En los talleres de poesía hemos leído los manifiestos poéticos que han redactado los alumnos. En cada uno había algo muy interesante que se podría tomar como base para un debate sobre estética y poética.

También dedicamos parte de estas últimas clases para trabajar en clase. A partir de la lectura del microrrelato La montaña del escritor argentino Enrique Anderson Imbert, los alumnos han tenido que improvisar un poema sobre el tema de la relación entre padre e hijo.

 

Suspense en clase


Para rematar el tema del género policíaco, estamos haciendo un ejercicio en las clases de escritura creativa.

Se trata de improvisar una página de puro suspense. Se puede escribir cualquier cosa, con una sola condición: la última frase tiene que ser “Y contestó al teléfono”.
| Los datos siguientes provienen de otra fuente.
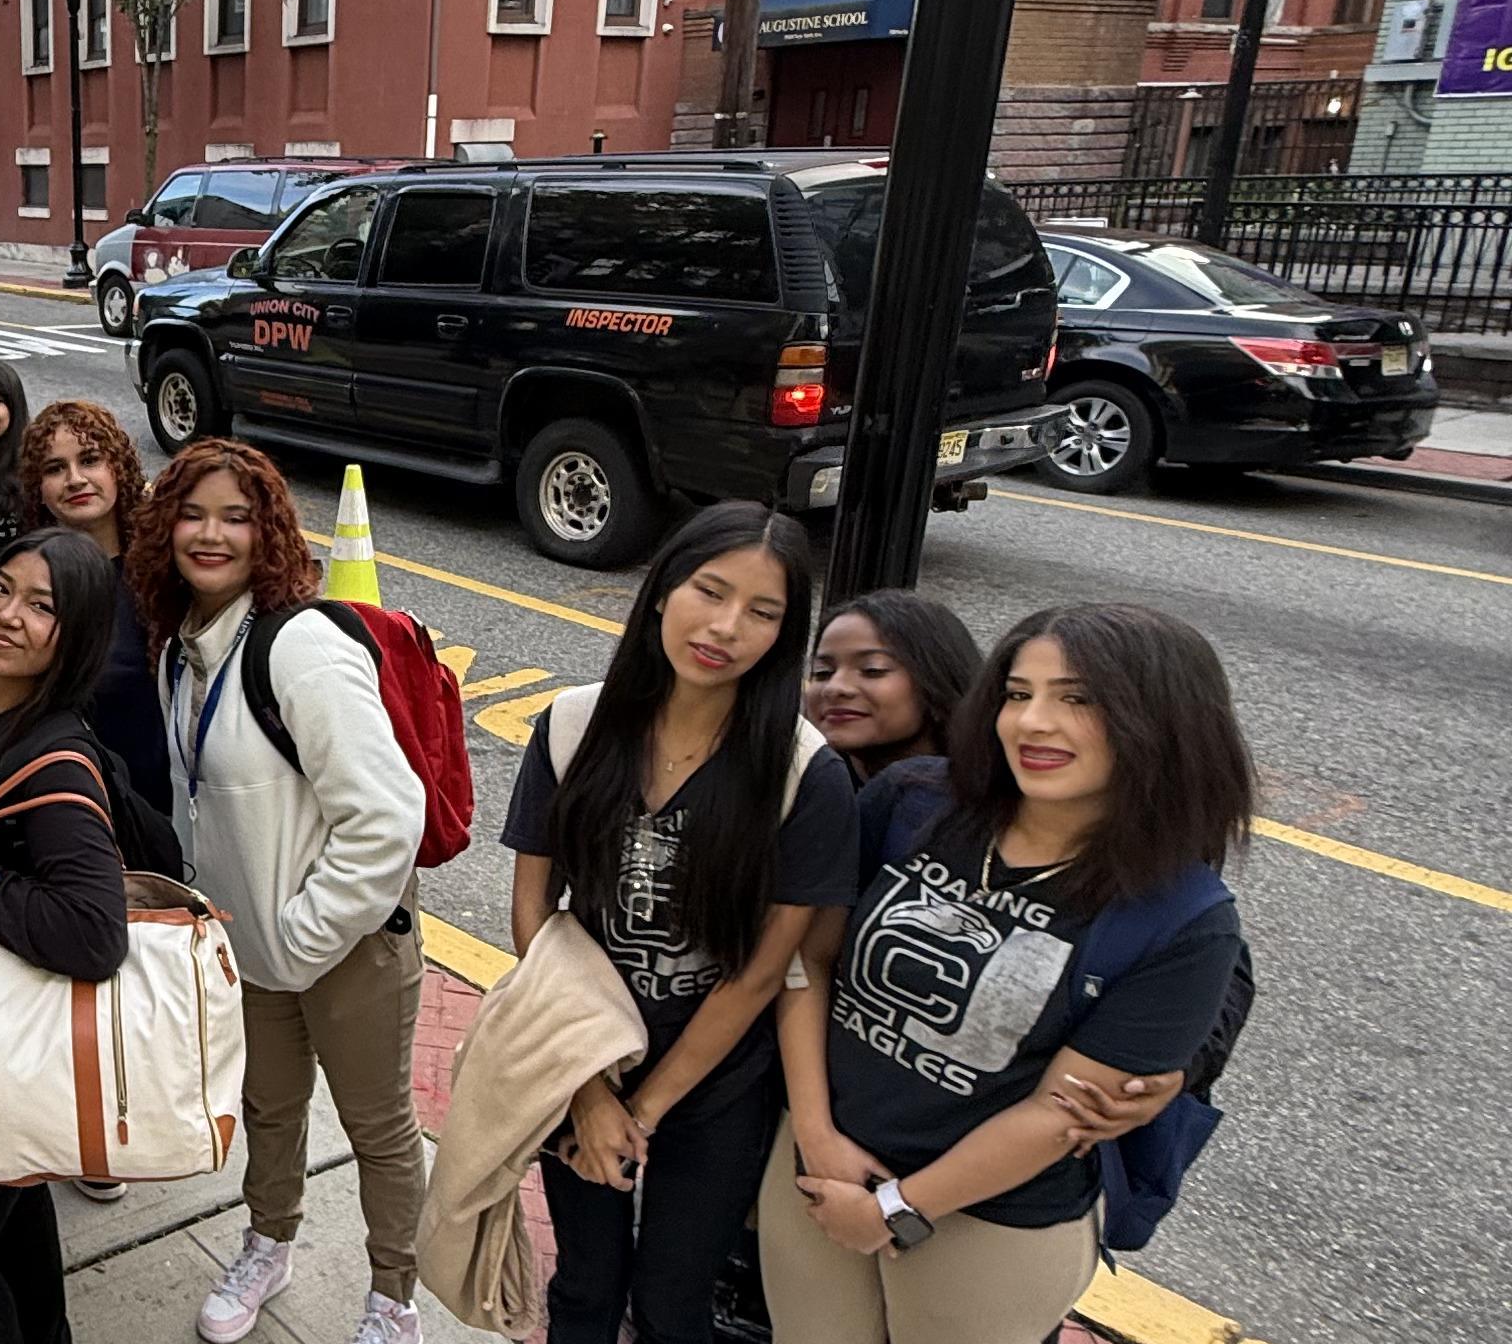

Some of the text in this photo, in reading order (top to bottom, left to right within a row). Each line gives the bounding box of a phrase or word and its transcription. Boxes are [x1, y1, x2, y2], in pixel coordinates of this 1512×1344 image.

[759, 11, 869, 34] AUGUSTINE SCHOOL
[249, 299, 322, 323] UNION CITY
[565, 308, 673, 336] INSPECTOR
[253, 319, 314, 352] DPW
[831, 998, 978, 1097] EAGLES
Lo que nos interesa sacar de cada género es un mejor conocimiento de las posibilidades expresivas y estilísticas de nuestra escritura. En el caso del suspense, como hemos dicho en artículos anteriores, vamos a imaginar una situación en la que el personaje se encuentre en apuros, y antes de resolver esa situación, alargamos la espera, aumentando así la tensión dramática y la solución a la pregunta: ¿lo conseguirá o no?

El suspense, a mi manera de ver, puede ser interpretado también bajo otra luz: en una situación cómica, la “espera” del personaje puede desembocar en una respuesta cómica. La tensión dramática explota en una carcajada del lector.
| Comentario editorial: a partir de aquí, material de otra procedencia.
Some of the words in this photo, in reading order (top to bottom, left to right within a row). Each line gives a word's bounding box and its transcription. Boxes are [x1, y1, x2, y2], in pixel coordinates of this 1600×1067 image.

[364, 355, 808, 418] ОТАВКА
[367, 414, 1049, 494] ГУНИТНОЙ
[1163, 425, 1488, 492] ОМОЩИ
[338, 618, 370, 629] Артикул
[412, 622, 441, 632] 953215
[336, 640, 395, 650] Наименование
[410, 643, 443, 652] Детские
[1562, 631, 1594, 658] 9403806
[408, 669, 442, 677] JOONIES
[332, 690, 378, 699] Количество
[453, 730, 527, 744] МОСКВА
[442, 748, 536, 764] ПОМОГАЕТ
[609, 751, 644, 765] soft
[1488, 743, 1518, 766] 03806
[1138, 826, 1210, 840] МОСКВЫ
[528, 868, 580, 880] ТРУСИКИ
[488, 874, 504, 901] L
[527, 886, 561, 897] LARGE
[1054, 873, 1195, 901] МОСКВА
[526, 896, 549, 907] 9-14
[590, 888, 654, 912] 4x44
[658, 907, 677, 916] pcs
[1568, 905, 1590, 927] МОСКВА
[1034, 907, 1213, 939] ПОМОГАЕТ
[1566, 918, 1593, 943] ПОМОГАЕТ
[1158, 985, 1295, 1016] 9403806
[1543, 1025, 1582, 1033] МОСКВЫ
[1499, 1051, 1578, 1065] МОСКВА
En una situación horrorosa, al contrario la respuesta puede ser muy dramática y violenta, y desembocar en un efecto de auténtico miedo, pánico, terror o asco (o todas las cosas juntas). Mejor dicho: el miedo es la expresión de esa tensión dramática, que desembocará en la muerte, desaparición o mutilación del personaje.
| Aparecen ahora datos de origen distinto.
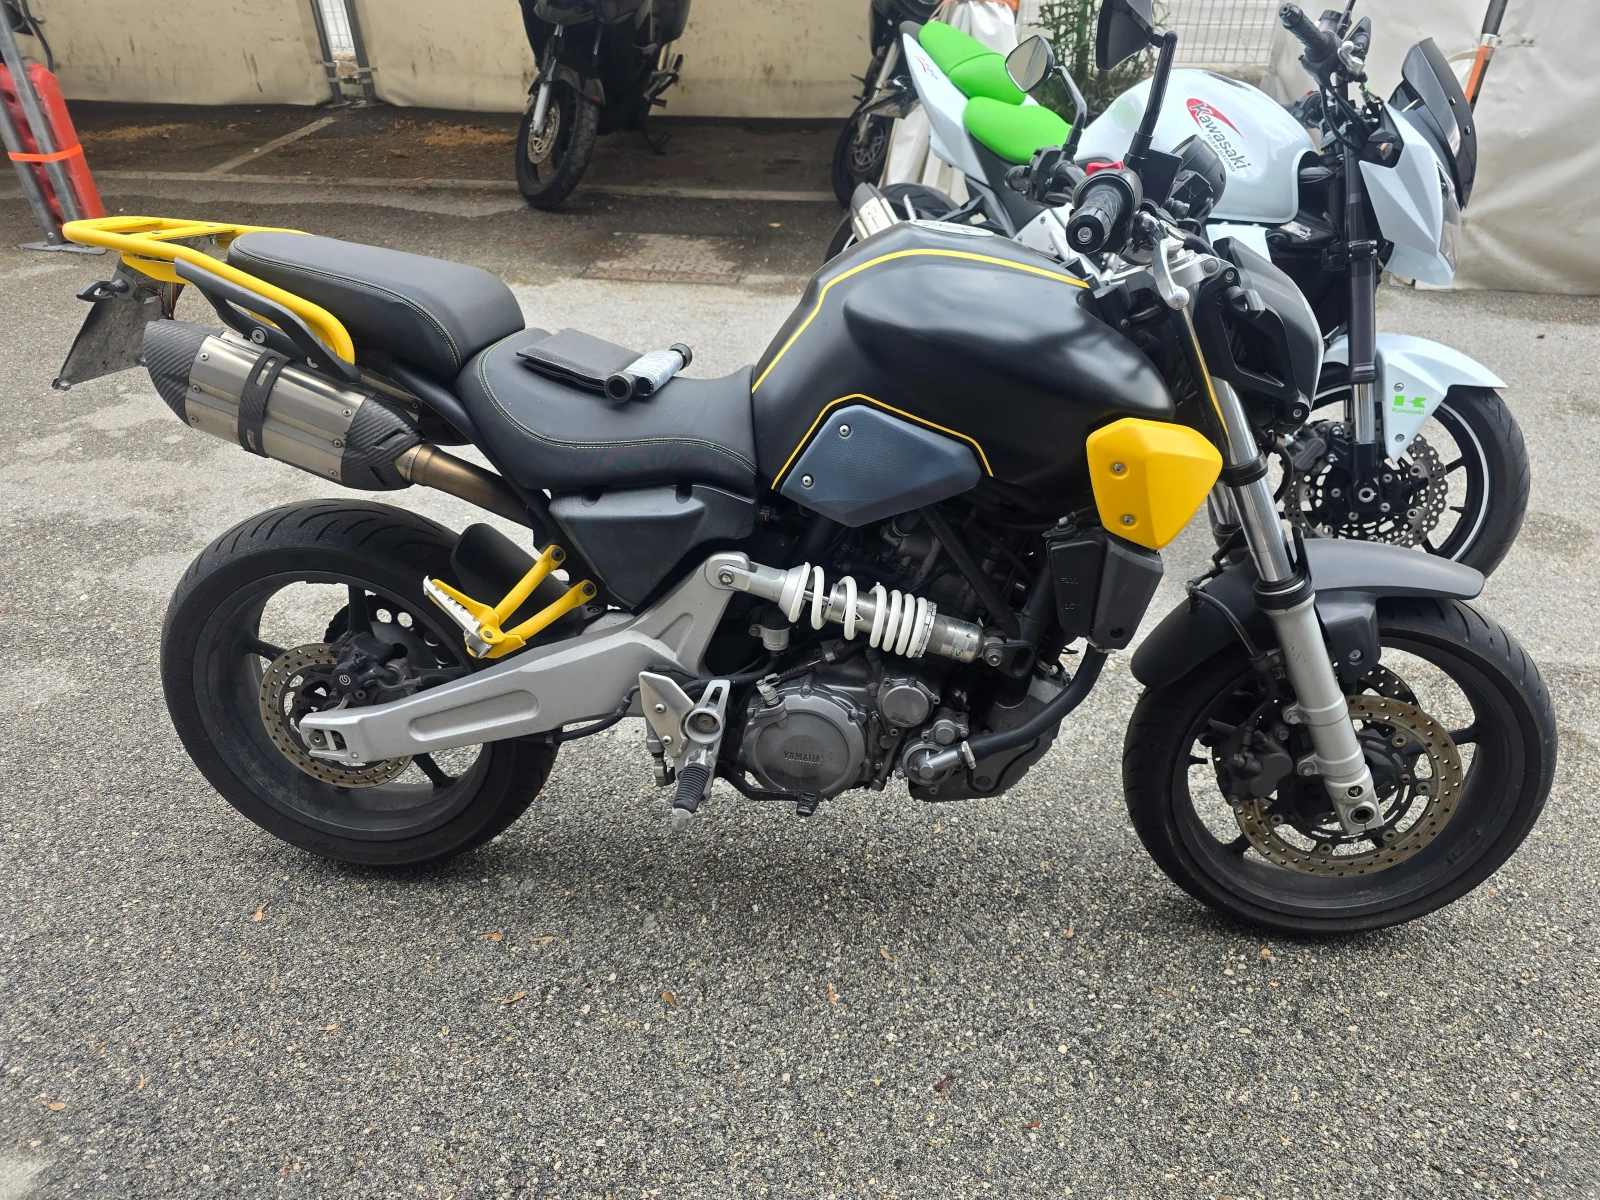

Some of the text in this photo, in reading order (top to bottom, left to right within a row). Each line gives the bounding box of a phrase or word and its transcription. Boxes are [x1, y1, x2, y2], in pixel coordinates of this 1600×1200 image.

[1191, 103, 1251, 169] Kawasaki
[1205, 133, 1236, 172] TEAM RACING
[1391, 407, 1425, 415] Kawasaki
[784, 751, 820, 764] YAMAHA
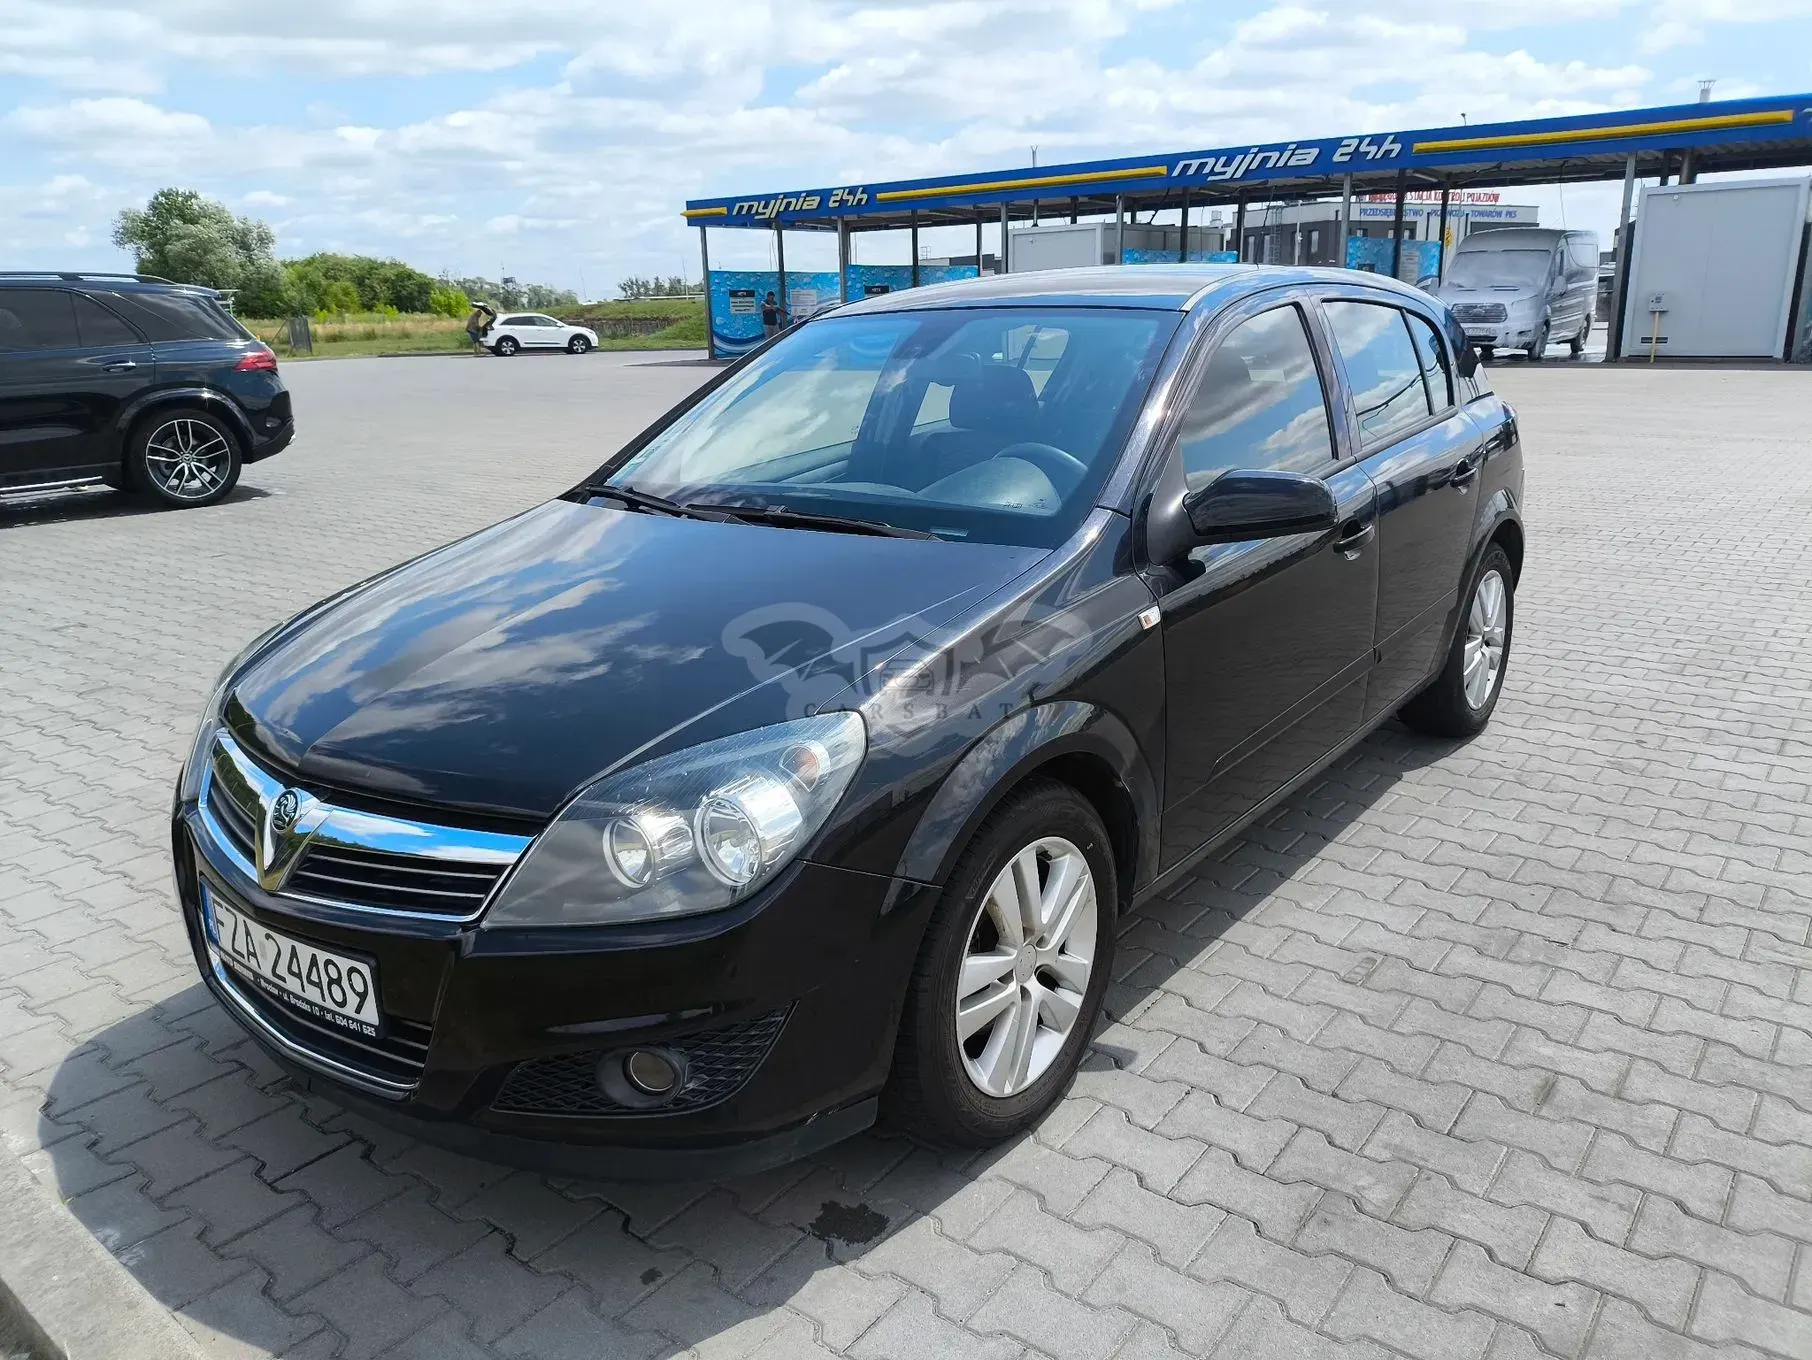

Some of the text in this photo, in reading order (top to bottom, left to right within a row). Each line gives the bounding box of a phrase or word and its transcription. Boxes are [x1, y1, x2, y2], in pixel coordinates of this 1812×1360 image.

Se trata de saber meter el lector en una situación incómoda, hacerle desear ese desenlace.

Manifiestos poéticos (ejercicio)


Para la semana del 27-28 de febrero, hemos empezado a hablar en clase de la importancia de los manifiestos vanguardistas en general.

Un manifiesto es como una ley, a menudo organizada por artículos, en la que se describen las bases de una nueva estética, en contraste con lo que ya existe (contra tal poeta, tal academia, tal grupo editorial, tal cultura, etc.).

Hemos analizado qué es un manifiesto, y hemos visto que en general suele escribirse de esta forma (tomar nota, ya que estas son las bases del nuevo ejercicio para casa):

-tiene un título que suele coincidir con el nombre del movimiento que se pretende crear (Manifiesto del Futurismo, del Surrealismo, del Creacionismo, etc.); dicho nombre tiene que ver con los contenidos que se desarrollan y con el concepto central de la propuesta estética del manifiesto;

-siguen unos párrafos de introducción programática, en el que se explican las razones del manifiesto, sus ideas generales, sus inquietudes, etc.;

-luego vienen los puntos del programa (entre 5 y 10 más o menos), en los que se describen las pautas estéticas del nuevo poeta, los efectos de esta propuesta sobre la sociedad (literaria y no), la rotura que se propone, lo que se quiere aportar al mundo de la poesía y del arte, los dictámenes alrededor de los contenidos (temas) y de las formas que se proponen perseguir los artistas y poetas que se adhieren al manifiesto;

-finalmente, un párrafo de cierre, como un resumen de lo dicho y una propuestas de actuación “a partir de ahora” (eventuales revistas fundadas o que apoyan al manifiesto, poetas fundadores que firman el mismo, primeras líneas de actuación editorial o de otro tipo, etc.).

Para casa, los alumnos del taller de poesía tendrán que escribir un manifiesto poético cada uno, a partir de una reflexión sobre su propia poesía, sobre lo que persiguen a nivel expresivo y literario, sobre lo que no les gusta y quisieran cambiar del sistema, sobre sus modelos, sobre quién puede adherirse a su manifiesto y cómo, etc.

Al fondo del manifiesto, desarrollado siguiendo las pautas descritas arriba, tendrán que escribir un poema propio que represente la aplicación de dichas reglas.

Todo con una extensión de una página.

Podéis utilizar como ejemplos los siguientes dos manifiestos: el Manifesto del Futurismo y el Manifiesto Cinematográfico “Dogma 95”.